My grandmother bought MY BOOK HOUSE, an anthology
of great literature, for her own tree children, spending
money that should have gone for food. I wonder if she
realized at the time what food she was providing for
their minds and hearts, and not just theirs, but ours-her
grandchildren.
It was in MY BOOK HOUSE that I met the Princess
on the Glass Hill, and Snow White and Rose Red and their
marvelous bear. It was in MY BOOK HOUSE that
I leaned that "Cinderella" was told in Korea
as "Pigling" and on the walls of an Egyptian
tomb as "Rhodopsis and the Golden Sandals."

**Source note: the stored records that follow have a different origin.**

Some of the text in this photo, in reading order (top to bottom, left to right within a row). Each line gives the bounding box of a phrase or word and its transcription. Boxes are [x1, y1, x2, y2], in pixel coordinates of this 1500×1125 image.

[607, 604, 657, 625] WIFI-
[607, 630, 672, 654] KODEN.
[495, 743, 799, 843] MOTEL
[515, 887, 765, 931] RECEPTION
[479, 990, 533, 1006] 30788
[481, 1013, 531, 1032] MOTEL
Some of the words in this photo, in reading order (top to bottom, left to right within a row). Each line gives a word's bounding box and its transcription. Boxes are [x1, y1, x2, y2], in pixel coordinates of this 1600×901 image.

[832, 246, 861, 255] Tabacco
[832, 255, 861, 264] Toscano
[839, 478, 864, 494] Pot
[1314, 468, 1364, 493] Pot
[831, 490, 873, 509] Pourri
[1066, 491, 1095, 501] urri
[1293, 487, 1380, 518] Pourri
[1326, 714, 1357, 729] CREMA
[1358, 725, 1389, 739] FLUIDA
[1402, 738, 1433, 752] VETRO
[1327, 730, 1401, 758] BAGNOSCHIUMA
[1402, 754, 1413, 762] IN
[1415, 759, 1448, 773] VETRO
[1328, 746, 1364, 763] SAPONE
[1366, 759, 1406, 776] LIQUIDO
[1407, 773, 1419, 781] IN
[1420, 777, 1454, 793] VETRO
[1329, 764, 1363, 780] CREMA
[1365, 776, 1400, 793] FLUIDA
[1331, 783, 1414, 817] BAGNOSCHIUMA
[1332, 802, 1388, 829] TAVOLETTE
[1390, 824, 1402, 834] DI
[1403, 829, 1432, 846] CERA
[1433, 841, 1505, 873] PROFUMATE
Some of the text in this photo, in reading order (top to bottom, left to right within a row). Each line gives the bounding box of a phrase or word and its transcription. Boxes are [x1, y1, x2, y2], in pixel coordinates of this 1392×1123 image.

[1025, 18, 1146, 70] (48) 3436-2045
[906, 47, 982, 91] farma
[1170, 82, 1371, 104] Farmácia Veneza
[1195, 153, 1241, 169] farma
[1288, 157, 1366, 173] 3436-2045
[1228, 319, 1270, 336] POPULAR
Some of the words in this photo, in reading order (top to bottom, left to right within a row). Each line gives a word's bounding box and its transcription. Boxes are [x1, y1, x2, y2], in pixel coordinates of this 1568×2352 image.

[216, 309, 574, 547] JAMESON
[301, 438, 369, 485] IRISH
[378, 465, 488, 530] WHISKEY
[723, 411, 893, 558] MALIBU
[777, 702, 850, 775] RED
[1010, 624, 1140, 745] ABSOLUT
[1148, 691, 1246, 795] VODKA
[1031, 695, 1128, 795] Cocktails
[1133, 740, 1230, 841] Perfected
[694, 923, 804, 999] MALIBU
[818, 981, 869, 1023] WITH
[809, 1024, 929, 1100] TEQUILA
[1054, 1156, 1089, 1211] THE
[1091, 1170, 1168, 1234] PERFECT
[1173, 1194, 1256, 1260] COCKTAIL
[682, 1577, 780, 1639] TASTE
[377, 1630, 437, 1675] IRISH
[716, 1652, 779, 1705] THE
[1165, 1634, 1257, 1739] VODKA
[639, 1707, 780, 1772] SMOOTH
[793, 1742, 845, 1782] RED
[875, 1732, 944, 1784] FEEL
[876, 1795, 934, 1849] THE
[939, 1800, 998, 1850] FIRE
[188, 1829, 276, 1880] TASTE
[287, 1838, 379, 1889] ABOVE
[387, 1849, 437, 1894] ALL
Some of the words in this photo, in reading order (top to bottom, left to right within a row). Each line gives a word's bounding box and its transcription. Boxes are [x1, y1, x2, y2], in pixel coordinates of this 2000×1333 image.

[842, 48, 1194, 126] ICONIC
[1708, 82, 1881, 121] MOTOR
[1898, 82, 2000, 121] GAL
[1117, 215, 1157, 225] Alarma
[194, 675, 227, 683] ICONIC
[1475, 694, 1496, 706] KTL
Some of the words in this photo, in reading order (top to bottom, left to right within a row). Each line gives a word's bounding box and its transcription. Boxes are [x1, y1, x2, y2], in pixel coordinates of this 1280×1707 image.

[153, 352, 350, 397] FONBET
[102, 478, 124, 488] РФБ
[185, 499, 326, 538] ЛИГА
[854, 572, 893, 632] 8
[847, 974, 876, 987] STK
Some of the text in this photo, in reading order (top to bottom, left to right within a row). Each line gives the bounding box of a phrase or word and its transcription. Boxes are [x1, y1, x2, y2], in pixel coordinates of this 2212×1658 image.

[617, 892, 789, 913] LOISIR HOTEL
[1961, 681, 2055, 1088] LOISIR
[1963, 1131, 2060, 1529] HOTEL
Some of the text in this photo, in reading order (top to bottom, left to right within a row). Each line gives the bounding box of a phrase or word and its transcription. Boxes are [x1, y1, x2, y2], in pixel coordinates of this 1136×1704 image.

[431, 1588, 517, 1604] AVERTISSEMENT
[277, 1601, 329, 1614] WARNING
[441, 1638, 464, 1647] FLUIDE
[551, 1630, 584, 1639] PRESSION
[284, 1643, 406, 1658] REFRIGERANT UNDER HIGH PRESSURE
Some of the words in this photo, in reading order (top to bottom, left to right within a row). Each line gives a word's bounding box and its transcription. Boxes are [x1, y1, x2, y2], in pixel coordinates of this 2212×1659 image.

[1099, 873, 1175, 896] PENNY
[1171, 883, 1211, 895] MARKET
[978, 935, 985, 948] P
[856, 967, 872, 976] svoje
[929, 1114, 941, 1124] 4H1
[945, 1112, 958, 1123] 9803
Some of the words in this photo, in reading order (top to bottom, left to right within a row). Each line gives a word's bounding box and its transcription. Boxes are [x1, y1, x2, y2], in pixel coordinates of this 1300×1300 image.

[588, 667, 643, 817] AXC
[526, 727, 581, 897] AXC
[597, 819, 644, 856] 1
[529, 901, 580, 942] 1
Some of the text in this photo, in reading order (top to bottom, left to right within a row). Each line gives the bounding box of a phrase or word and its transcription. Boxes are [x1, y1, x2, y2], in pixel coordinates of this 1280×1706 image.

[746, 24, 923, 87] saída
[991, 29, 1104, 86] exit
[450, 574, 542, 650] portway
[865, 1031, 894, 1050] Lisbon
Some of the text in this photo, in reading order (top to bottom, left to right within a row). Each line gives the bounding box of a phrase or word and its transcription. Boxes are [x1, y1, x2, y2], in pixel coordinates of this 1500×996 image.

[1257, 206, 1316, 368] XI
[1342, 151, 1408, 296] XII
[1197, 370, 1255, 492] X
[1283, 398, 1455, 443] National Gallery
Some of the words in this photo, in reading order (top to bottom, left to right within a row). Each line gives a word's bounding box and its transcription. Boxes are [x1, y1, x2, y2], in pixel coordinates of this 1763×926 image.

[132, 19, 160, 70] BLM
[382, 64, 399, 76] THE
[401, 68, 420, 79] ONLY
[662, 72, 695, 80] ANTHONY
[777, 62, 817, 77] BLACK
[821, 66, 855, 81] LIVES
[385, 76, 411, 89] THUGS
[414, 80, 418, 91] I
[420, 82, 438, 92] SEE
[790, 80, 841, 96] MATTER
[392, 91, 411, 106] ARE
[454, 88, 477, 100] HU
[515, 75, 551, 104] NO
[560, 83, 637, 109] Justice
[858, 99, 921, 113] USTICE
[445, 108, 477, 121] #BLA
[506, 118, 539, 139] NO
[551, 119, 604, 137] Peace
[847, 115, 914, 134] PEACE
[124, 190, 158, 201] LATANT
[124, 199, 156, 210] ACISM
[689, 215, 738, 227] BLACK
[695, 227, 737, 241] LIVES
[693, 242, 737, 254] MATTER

It was in MY BOOK HOUSE that I played on the
shore with David Cooperfield and Little Em'ly
and first journeyed homeward with Ulysses. It
was in these pages that I appreciated the distinguished
life of my hero, Louisa May Alcott, and resolved someday
to write stories as good, as enthralling as hers.
Some years ago, my aunt found at a garage sale a first
volume of MY BOOK HOUSE, a slightly later edition,
bound in green, not black, and missing its full-color
cover illustration. So now my set stands complete, waiting
perhaps for some other child to discover the treasure
in its pages, to discover literature.